Despite all these changes, uncertainties and complexity still remain, particularly as regards the calculation of holiday pay.
The definition of ‘a week’s pay’ in the Regulations doesn’t go any further than the existing case law, meaning that disputes as to whether a particular type of payment should be included or not will continue. In particular, the issue of annual bonuses (as raised in Lock v British Gas Trading Ltd  EWCA Civ 983) is not addressed.
Another likely frustration for lawyers and employers alike is that the legislation maintains the confusing distinction between Reg 13 (EU-derived) and Reg 13A WTR (domestic) holiday. The UK government could have created a single unified right to 5.6 weeks’ paid holiday with consistent rules on pay, carry over etc., which would have simplified this increasingly complex area. There are obvious reasons why the government decided not to do this (it would have either had to reduce Reg 13 holiday pay below EU levels or level up pay for Reg13A holiday, both of which have financial and political implications) but many will feel that this was an opportunity missed. This approach is also out of line with the Supreme Court’s decision in Chief Constable of Northern Ireland v Agnew  UKSC 33, which held that holiday entitlement is a "composite pot" rather than two distinct types, leaving the door open for ongoing debate and litigation.

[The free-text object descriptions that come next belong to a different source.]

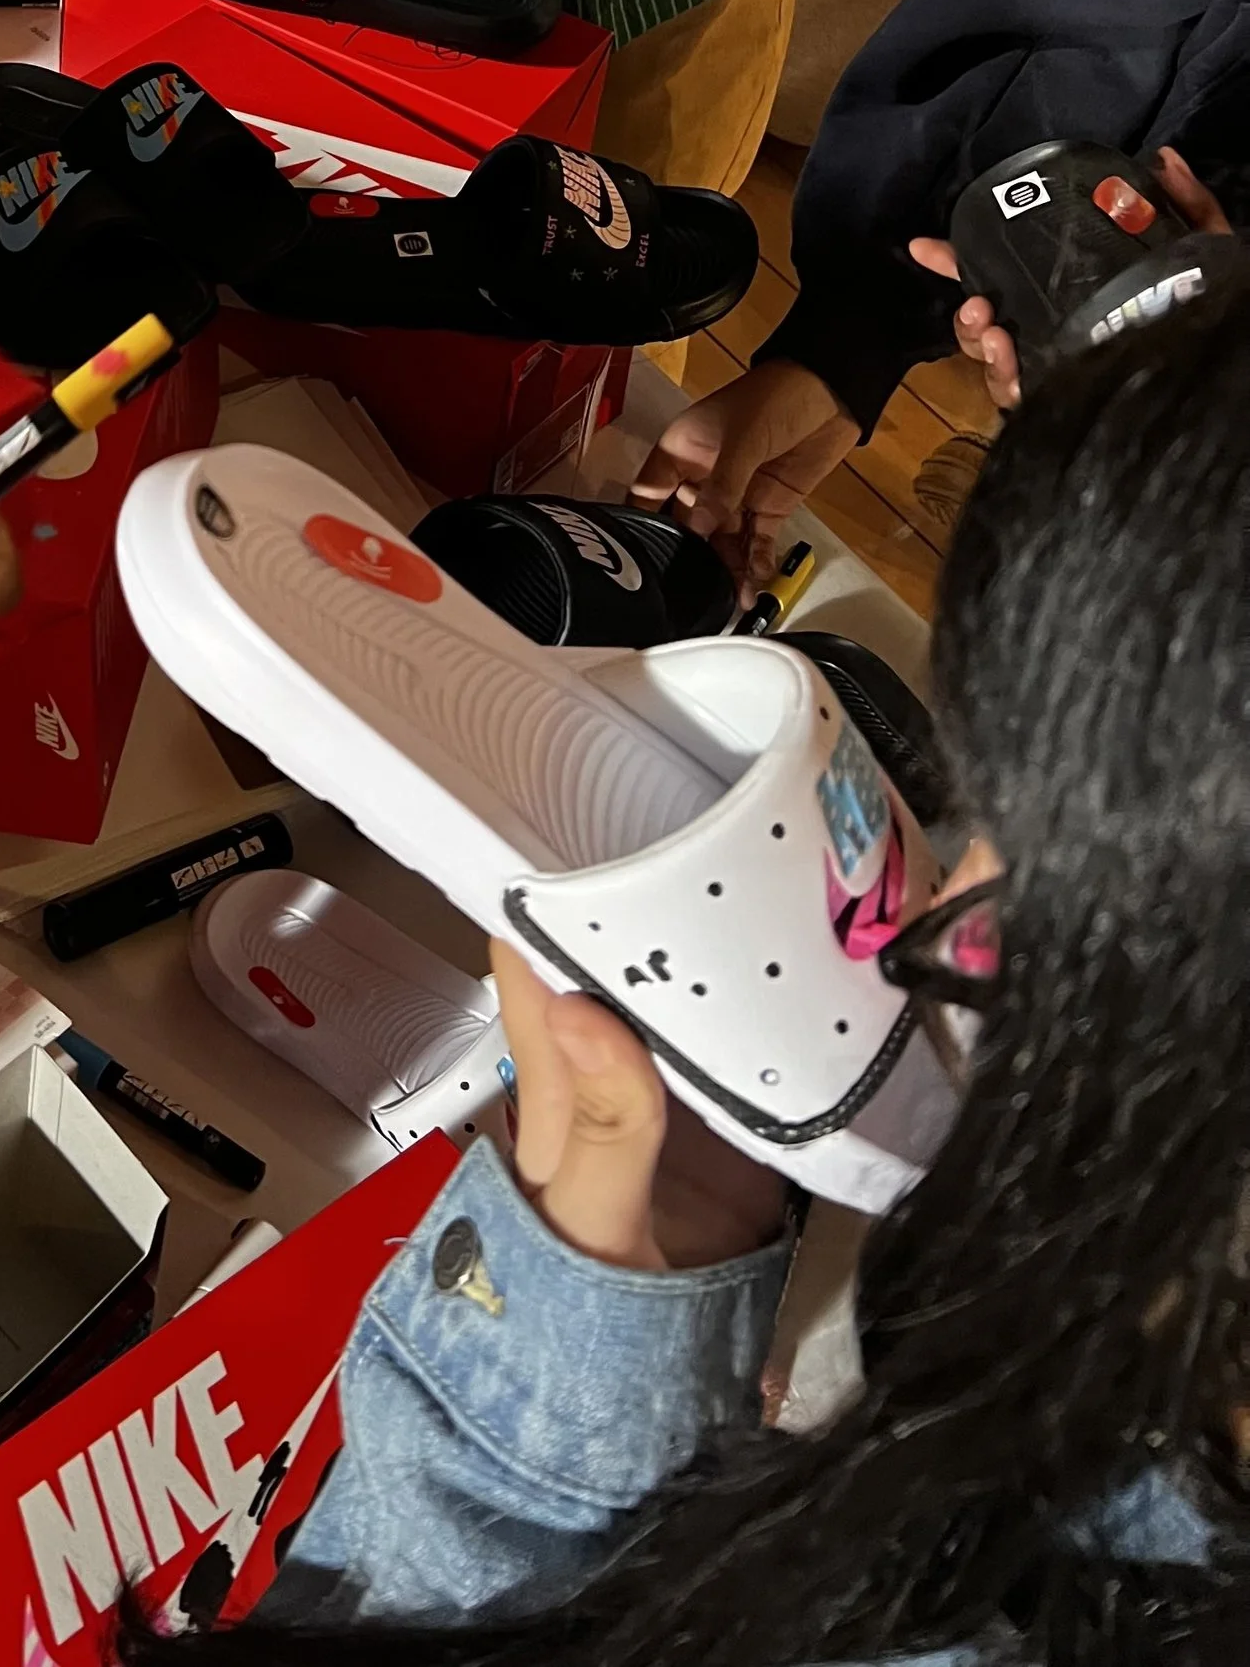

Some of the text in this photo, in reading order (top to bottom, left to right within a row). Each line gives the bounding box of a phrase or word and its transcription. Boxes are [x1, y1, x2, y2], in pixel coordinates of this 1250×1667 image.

[120, 72, 188, 132] NIKE
[541, 215, 559, 256] TRUST
[635, 232, 651, 268] EXCEL
[34, 701, 60, 750] NIKE
[17, 1350, 267, 1647] NIKE
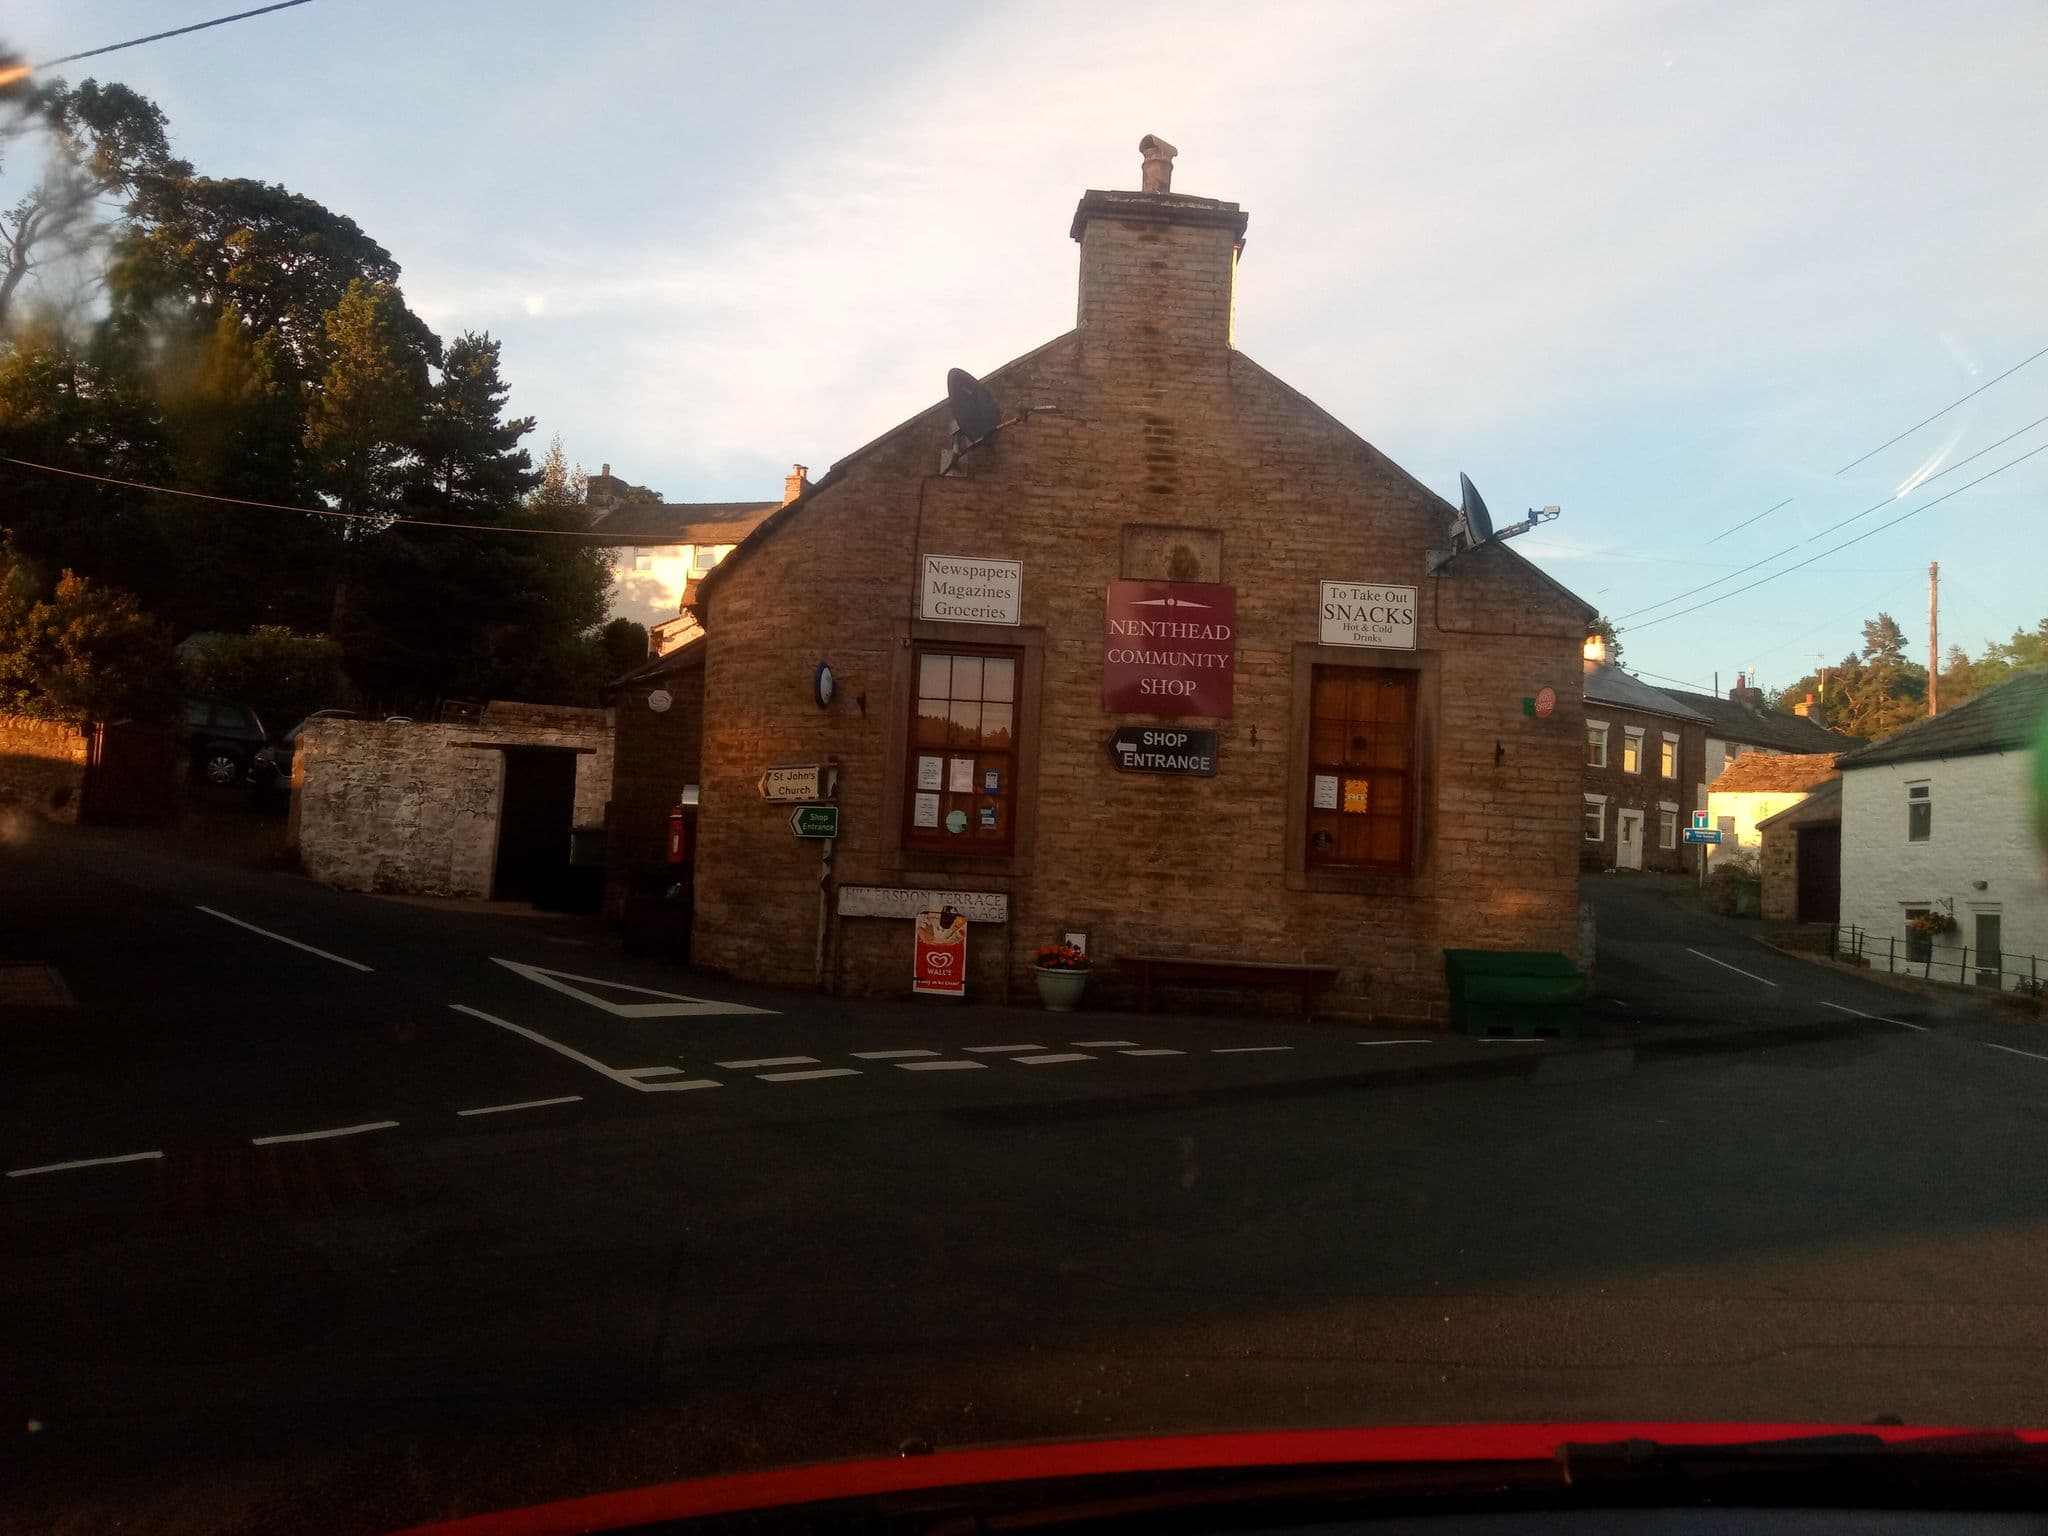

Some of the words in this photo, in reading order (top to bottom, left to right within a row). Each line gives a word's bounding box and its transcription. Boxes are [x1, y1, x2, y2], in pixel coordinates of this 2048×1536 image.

[928, 560, 1017, 580] Newspapers
[932, 581, 1011, 599] Magazines
[1330, 587, 1347, 599] To
[1351, 589, 1381, 601] Take
[1385, 591, 1407, 603] Out
[934, 601, 1006, 618] Groceries
[1323, 603, 1413, 625] SNACKS
[1109, 619, 1231, 641] NENTHEAD
[1343, 623, 1359, 631] Hot
[1361, 624, 1369, 632] &
[1372, 624, 1393, 633] Cold
[1353, 633, 1382, 642] Drinks
[1107, 649, 1229, 669] COMMUNITY
[1140, 678, 1196, 697] SHOP
[1143, 731, 1188, 747] SHOP
[1123, 752, 1211, 771] ENTRANCE
[773, 773, 783, 781] St
[787, 772, 816, 781] John's
[778, 786, 811, 795] Church
[809, 813, 829, 822] Shop
[802, 822, 835, 832] Entrance
[937, 892, 1001, 906] TERRACE
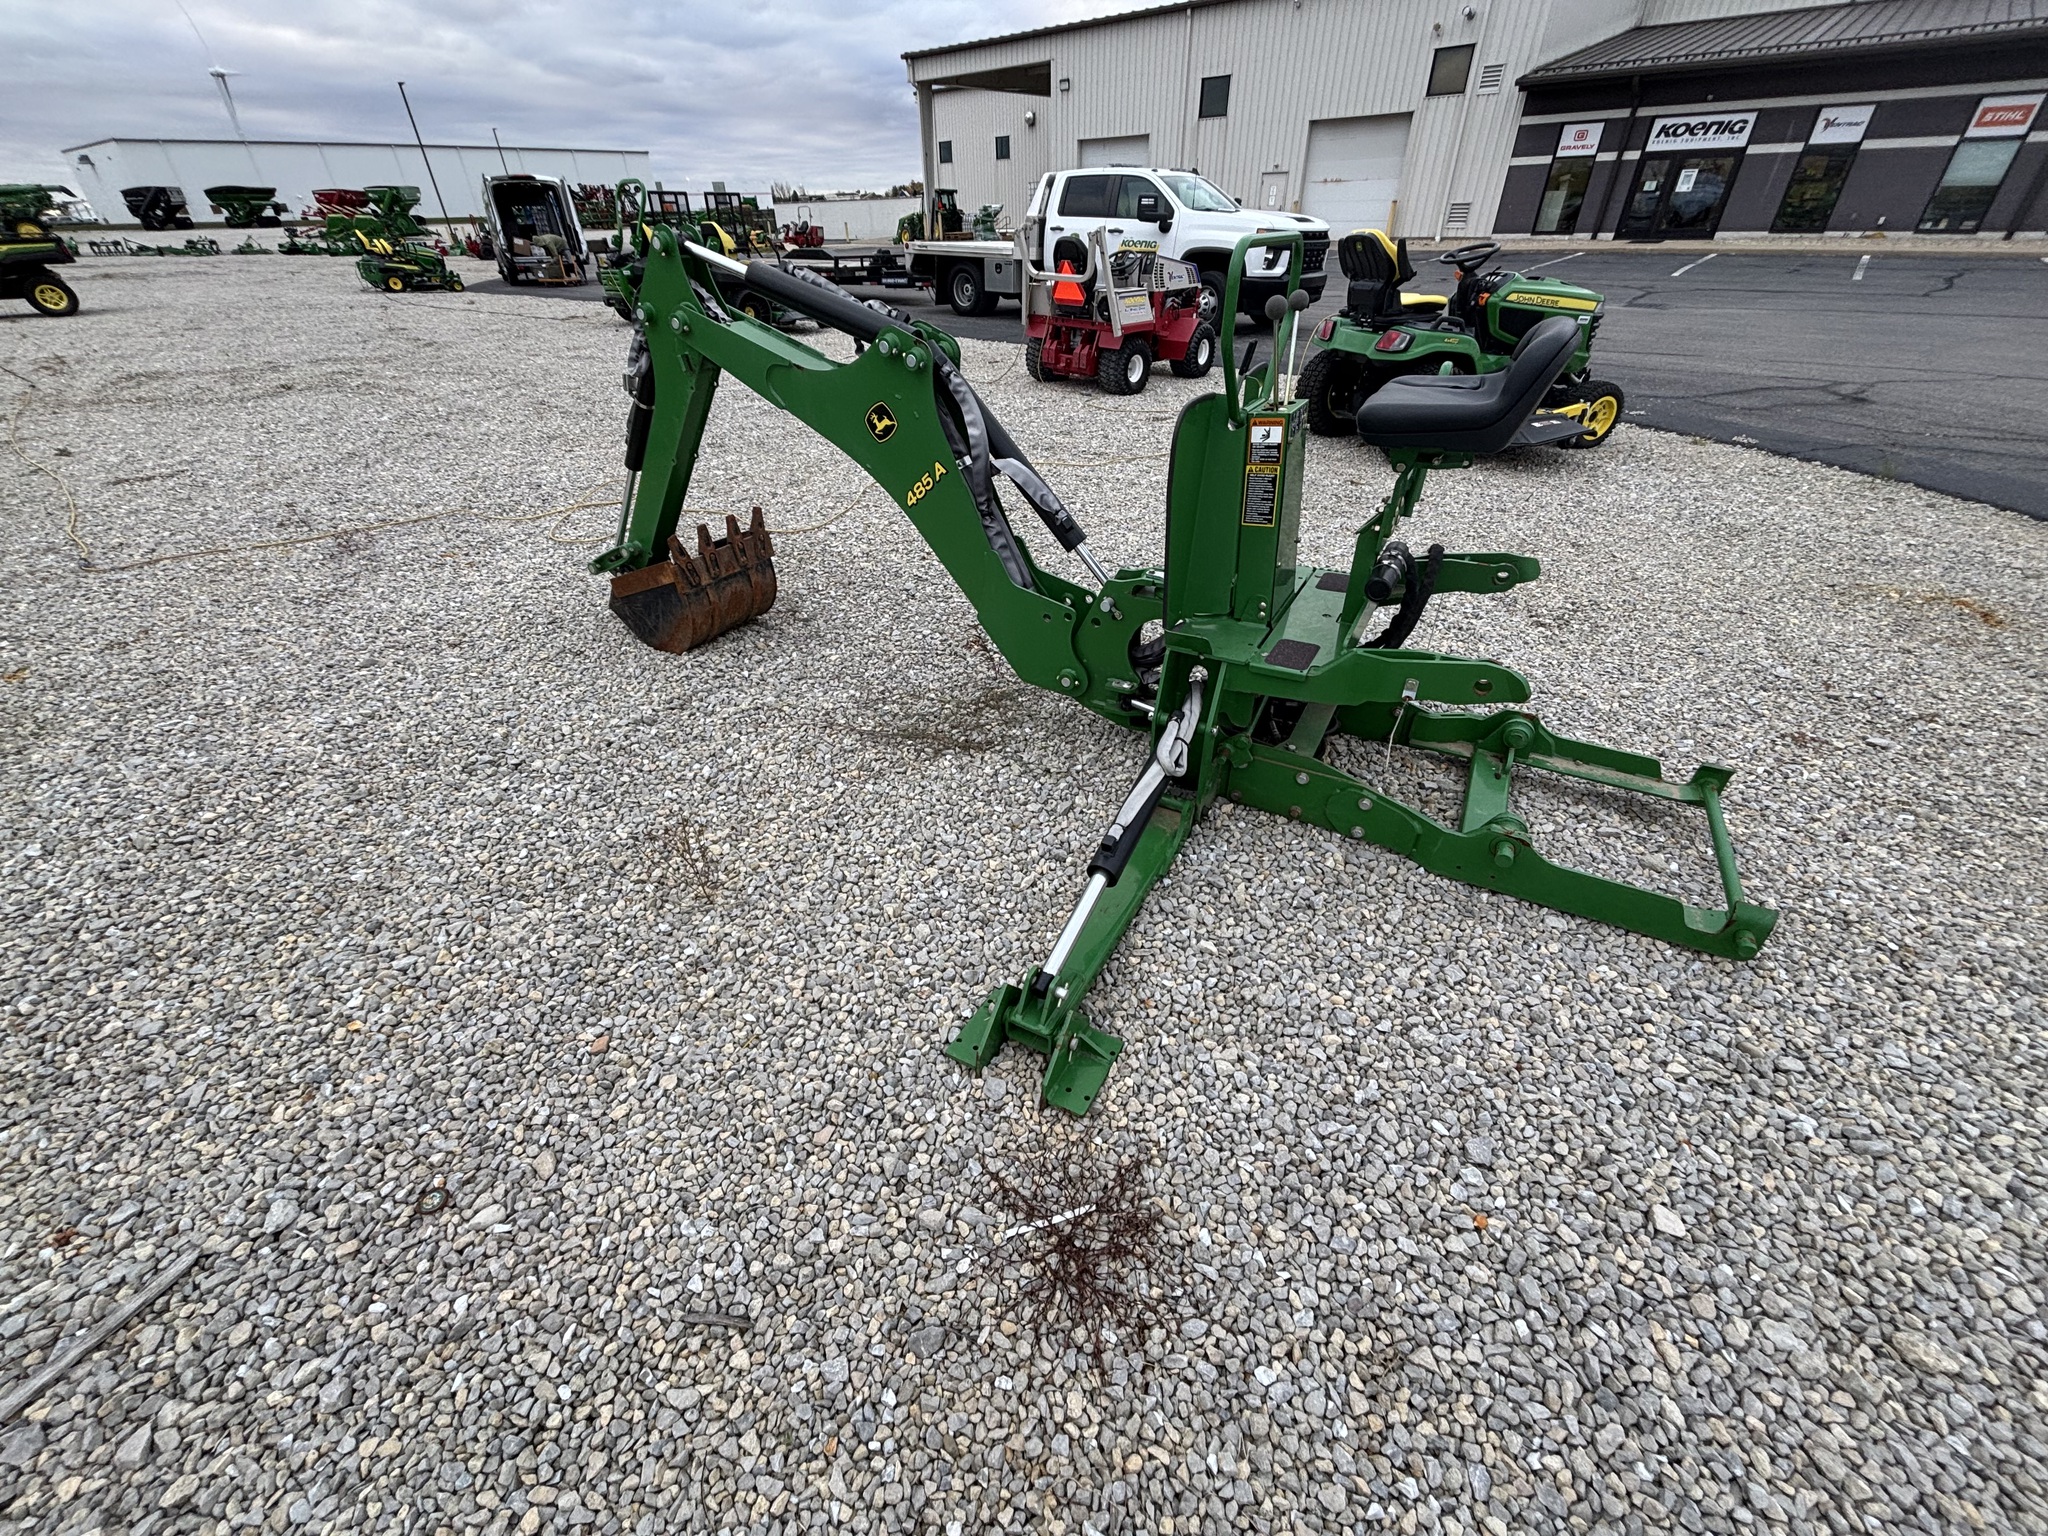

Whilst the majority of the changes are welcome, the remaining uncertainties are not. Employers do not have long to get their houses in order, so need to react quickly. Given the level of trade union and employee activism around holiday pay in particular, these changes may trigger additional scrutiny and a further wave of litigation or representation activity, in particular for employers that continue to calculate holiday pay on the basis of basic pay only, despite the case law to the contrary - employers should be alert to this and react promptly.